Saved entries
- Opening Delimiter -

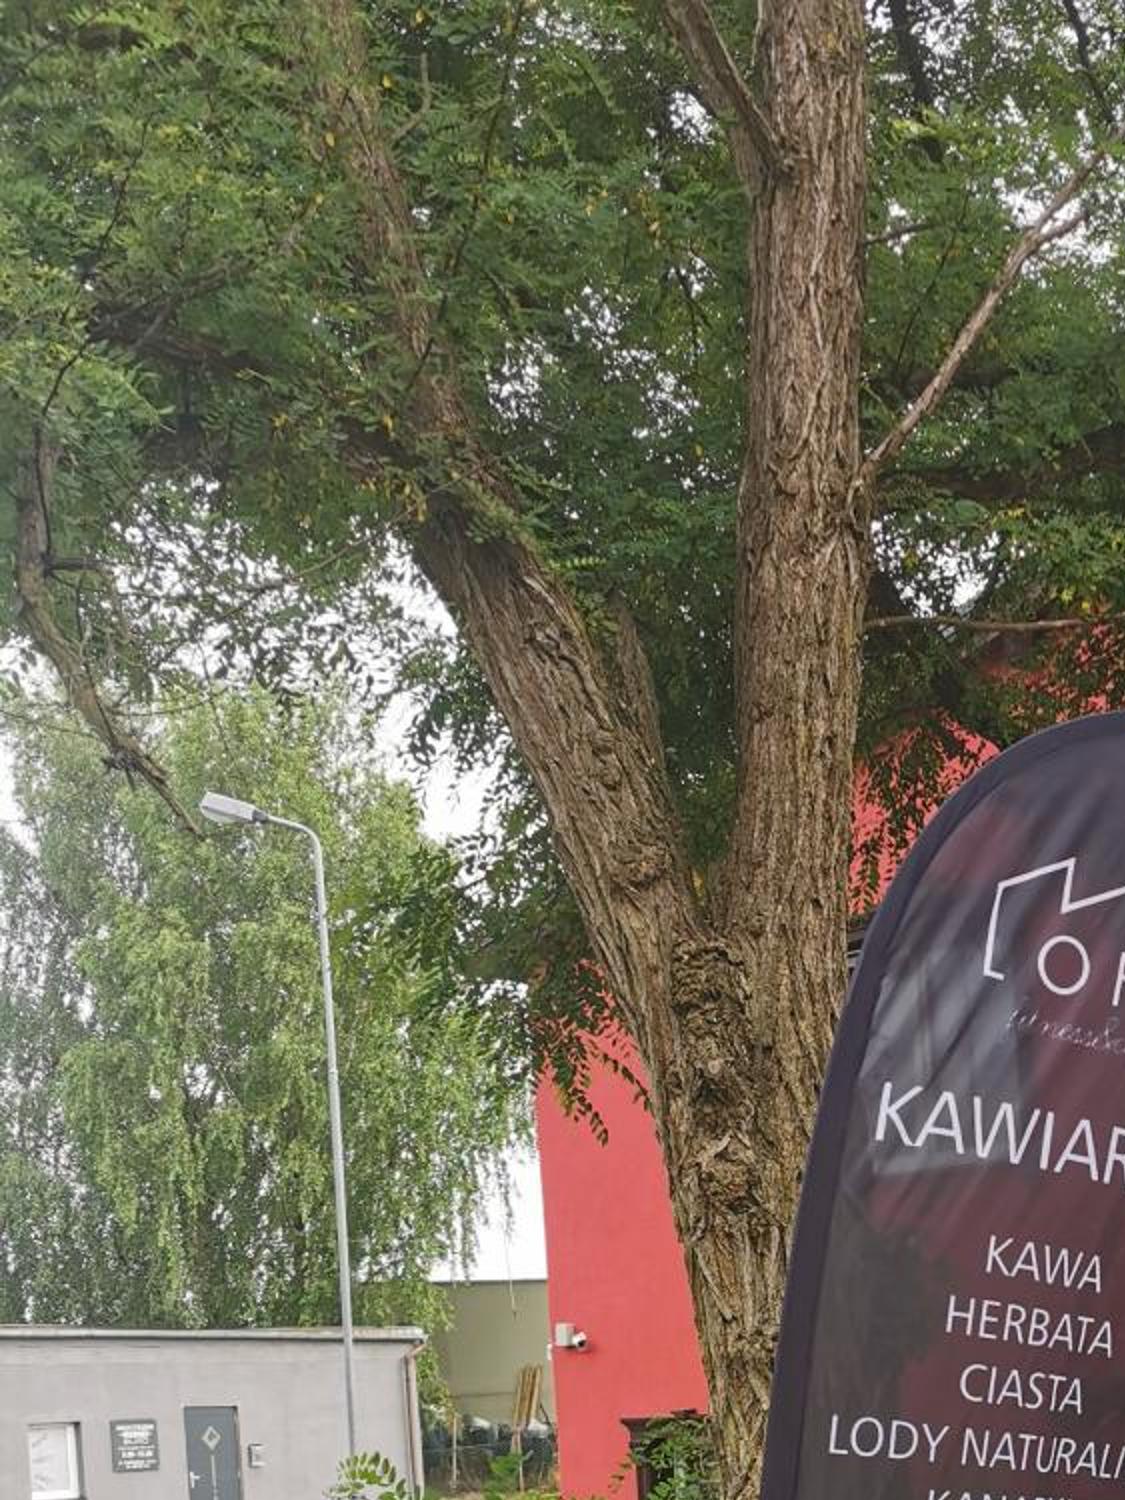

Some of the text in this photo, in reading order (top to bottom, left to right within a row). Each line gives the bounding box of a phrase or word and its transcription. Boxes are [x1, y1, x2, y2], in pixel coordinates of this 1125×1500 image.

[984, 1234, 1101, 1293] KAWA
[944, 1295, 1113, 1358] HERBATA
[958, 1363, 1083, 1415] CIASTA
[828, 1414, 950, 1463] LODY
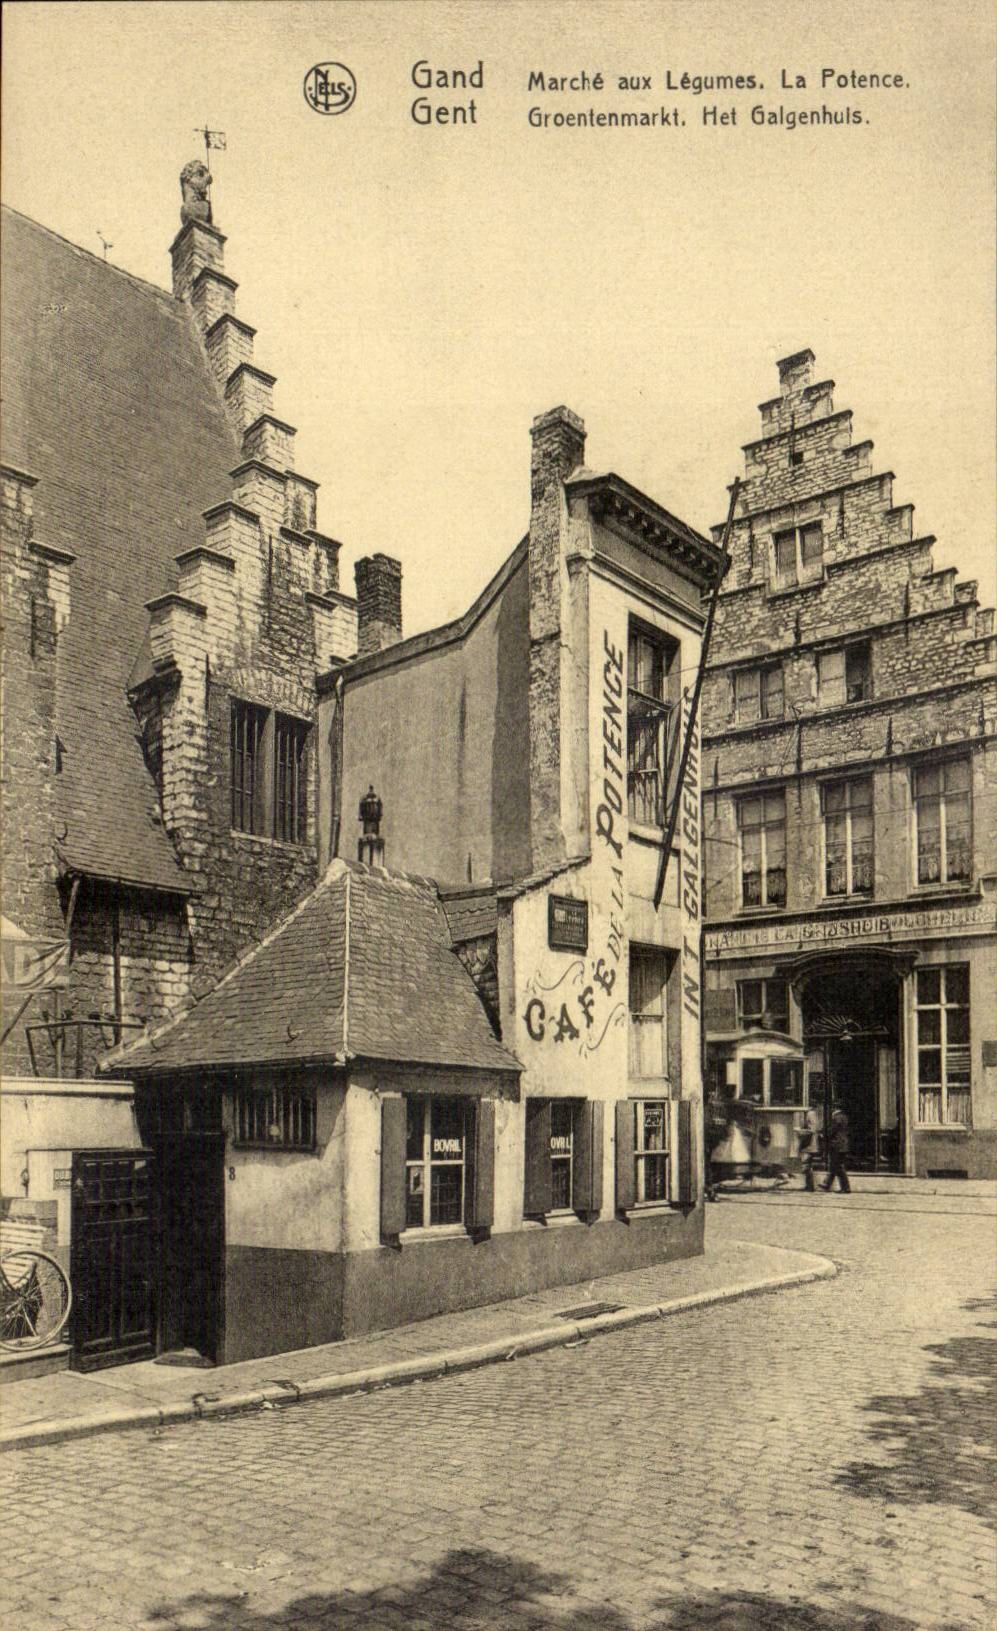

- Closing Delimiter -

** Brief **
Produce the data again character for character, with the images left out.

** Exercise answer **
Some of the text in this photo, in reading order (top to bottom, left to right within a row). Each line gives the bounding box of a phrase or word and its transcription. Boxes are [x1, y1, x2, y2], in pixel coordinates of this 1125×1500 image.

[984, 1234, 1101, 1293] KAWA
[944, 1295, 1113, 1358] HERBATA
[958, 1363, 1083, 1415] CIASTA
[828, 1414, 950, 1463] LODY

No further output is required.